Review: Strike a Rock, Encounters Documentary Film Festival 2017

By Camalita Naicker | Amandla Magazine Issue 53 | July 2017

This years Encounters Festival showcased a number of new and interesting feature films. First time filmmaker and University of Cape Town student Aliki Saragas Strike a Rock was one of them. Saragas, first got the idea to make the film as a Masters student when she read an article about the women of Marikana in Amandla Magazine in 2013. Her website says “The ethos of my production company is to be a film company that champions women’s stories.”

The film is set, mostly, in Nkaneng shack settlement in Wonderkop, at the Lonmin mines in Marikana. Thumeka Maqongwana and Nomzekhelo Primose Sonti founded the women’s’ movement Sikhala Sonke (We cry together) during the 2012 Marikana Strikes. They are the main characters in a story that is ultimately as much about their friendship as it is about the politics of Marikana and the women’s movement.

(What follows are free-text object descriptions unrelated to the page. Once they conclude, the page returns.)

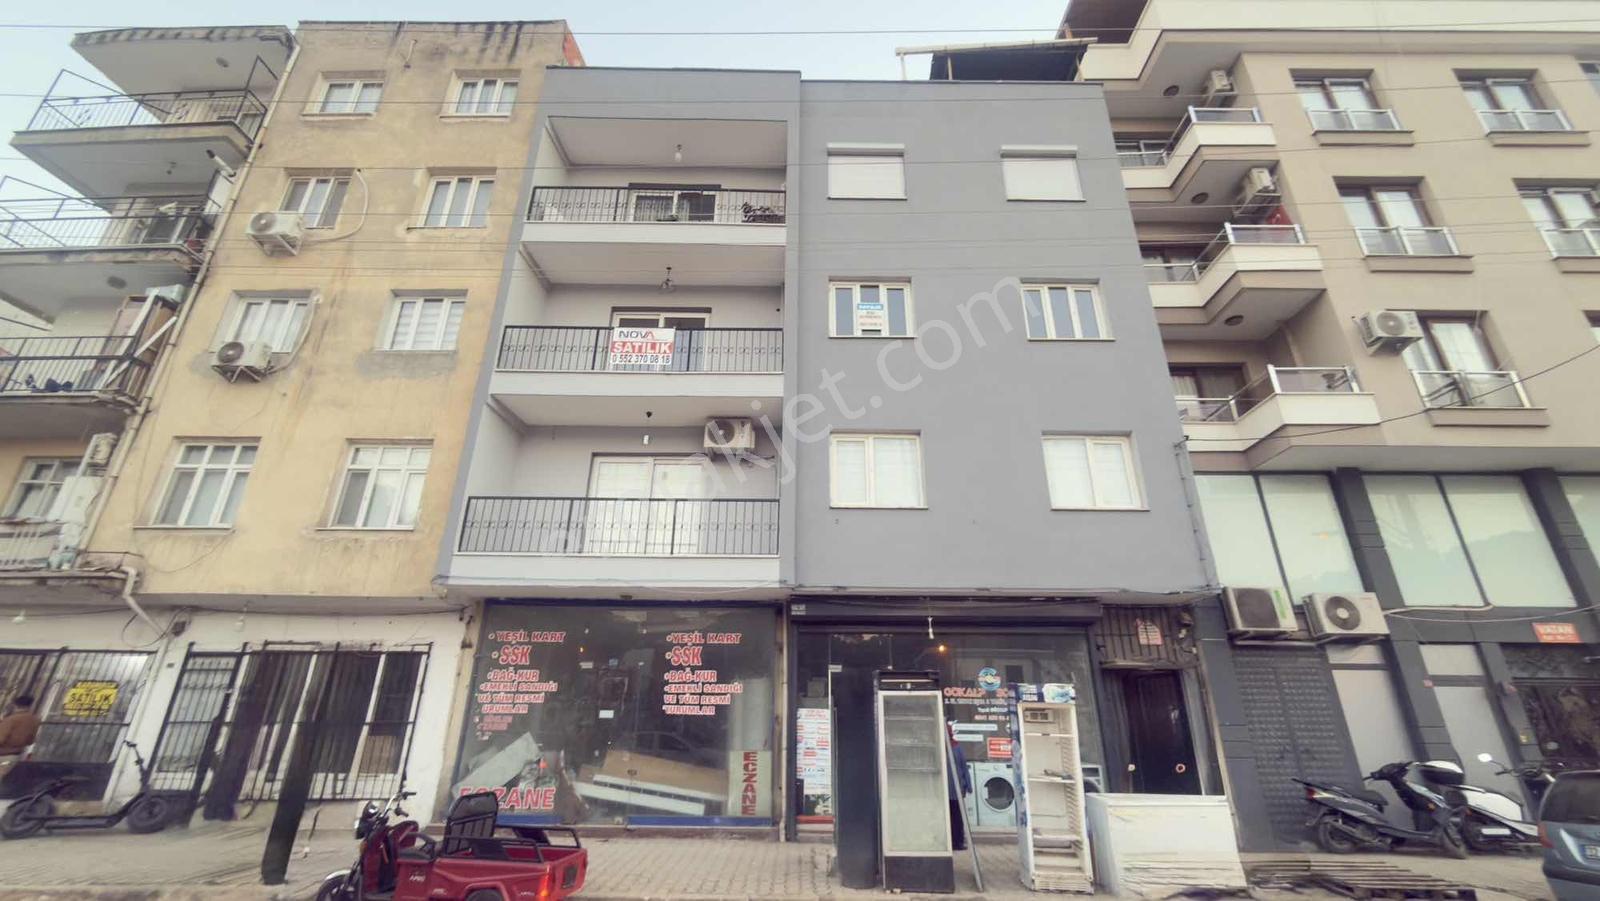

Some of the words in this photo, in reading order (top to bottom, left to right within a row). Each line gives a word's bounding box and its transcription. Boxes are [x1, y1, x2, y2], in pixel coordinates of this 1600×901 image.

[618, 330, 655, 340] NOVA
[613, 341, 671, 353] SATILIK
[619, 354, 633, 363] 552
[634, 354, 648, 363] 370
[496, 629, 530, 643] YEŞİL
[531, 631, 566, 642] KART
[671, 631, 705, 645] YEŞİL
[707, 632, 742, 644] KART
[499, 644, 532, 665] SSK
[671, 646, 703, 666] SSK
[490, 667, 540, 681] BAĞ-KUR
[669, 667, 717, 682] BAĞ-KUR
[667, 682, 702, 693] EMEKLİ
[678, 693, 700, 704] TÜM
[742, 751, 758, 816] ECZANE
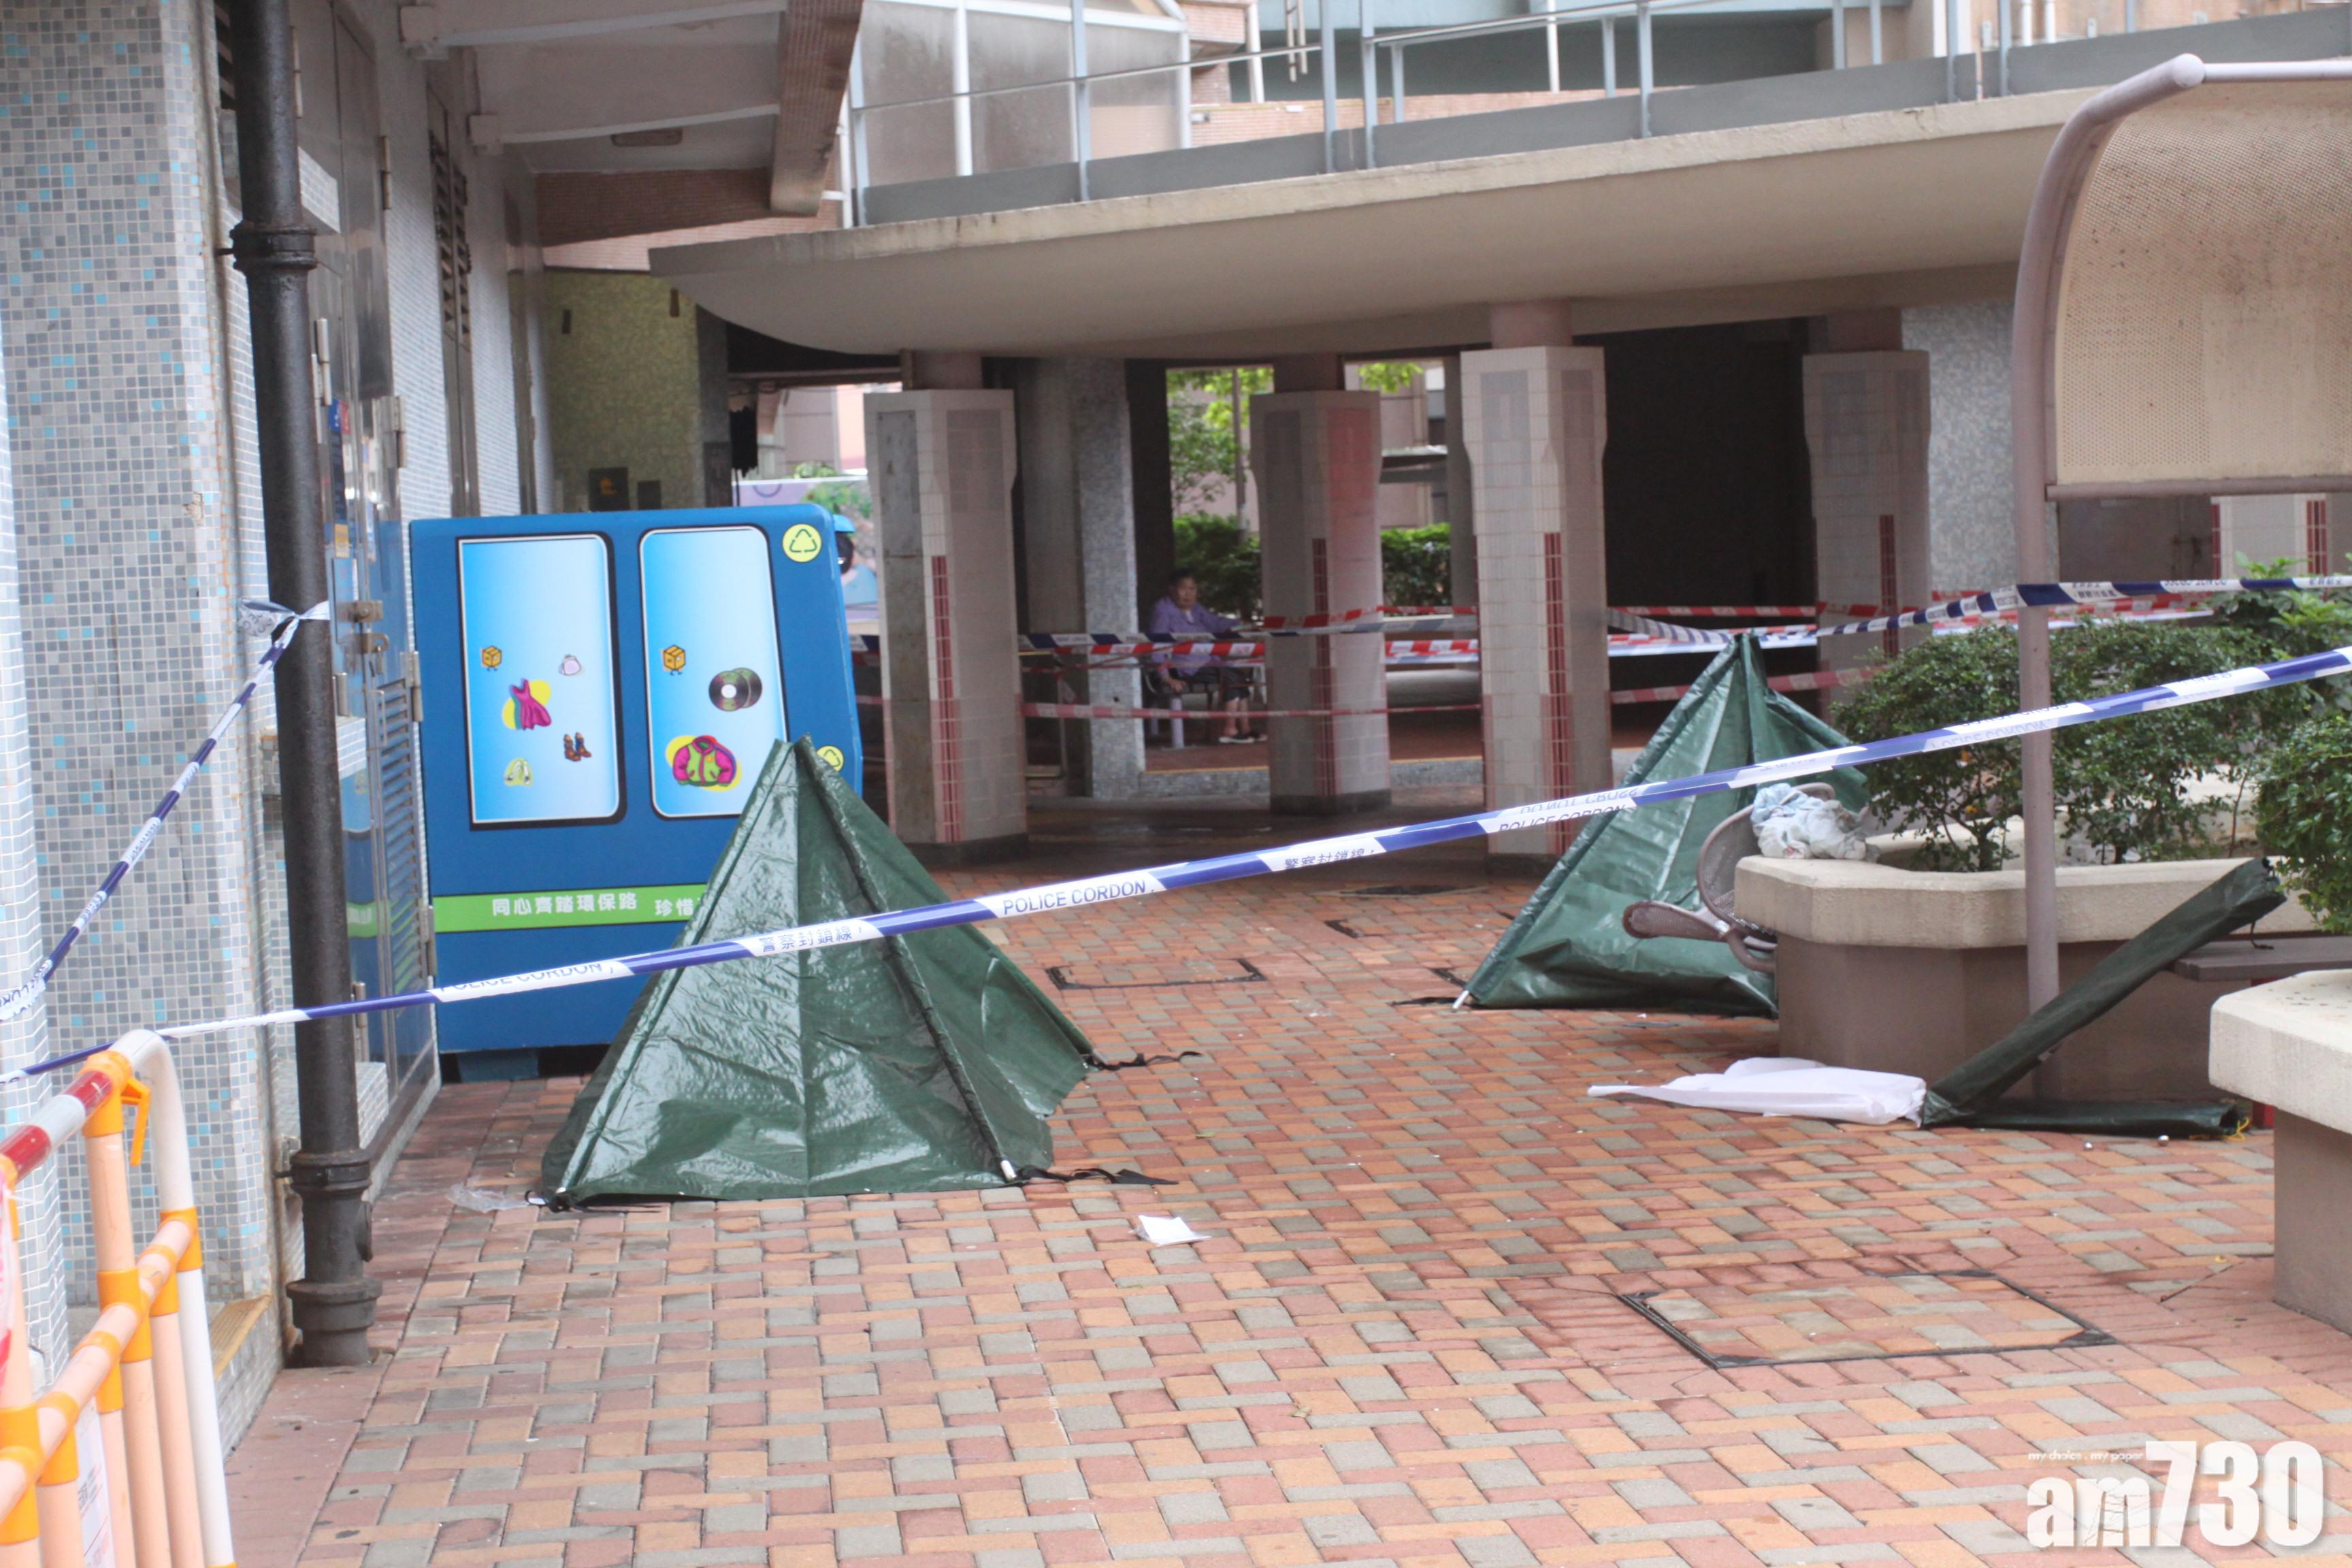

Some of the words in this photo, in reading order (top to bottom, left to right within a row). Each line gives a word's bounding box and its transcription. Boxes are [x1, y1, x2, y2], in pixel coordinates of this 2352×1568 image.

The film unfolds as a story of how the two women’s friendship is tested when one of them Primrose Sonti becomes a parliamentary member of the newly formed Economic Freedom Fighters (EFF) and leaves Nkaneng for parliament. Thumeka remains in Marikana to lead Sikhala Sonke and to negotiate with Lonmin for housing and services, the key issues that the movement has come to champion. The film’s chronology and timeline follow the Marikana Commission of Inquiry and subsequent meetings with Lonmin. It demonstrates the discontents of a community and the anger they harbour still, while also raising important socio-economic questions about housing and services that should be the responsibility of Lonmin.

It gestures towards the political difficulties faced by community organisations or popular movements when they are drawn into the arena of party politics. And it shows the tensions between fighting for community based needs within an autonomous organisation and having to be a disciplined member of a larger organisational structure and a representative of a party. But the film does not explore this.

Strike a Rock is in some ways an answer to the male-centred narrative of Rehad Desai’s Miners Shot Down, which many critiqued for not engaging the politics of the women and the community. In that sense, it will be a welcomed addition to the growing body of archive on the Marikana Strikes and subsequent massacre. By focusing on the activism and the organisational capacity of the women of Marikana it explores a side of mining communities that is often forgotten and touches on important gender based issues like rape, having to take the places of the slain and injured and men underground after the massacre. The cinematography is good enough.,However one almost wishes there was another layer of editing that would provide a more politically crisp edge. Apart from that, it is an important film that should definitely be watched.

Since this review was written, Strike a Rock won the Backsberg-Encounters Audience Award for Best South African Documentary.

Camalita Naicker is a lecturer and PhD Candidate at the Department of Historical Studies at the University of Cape Town.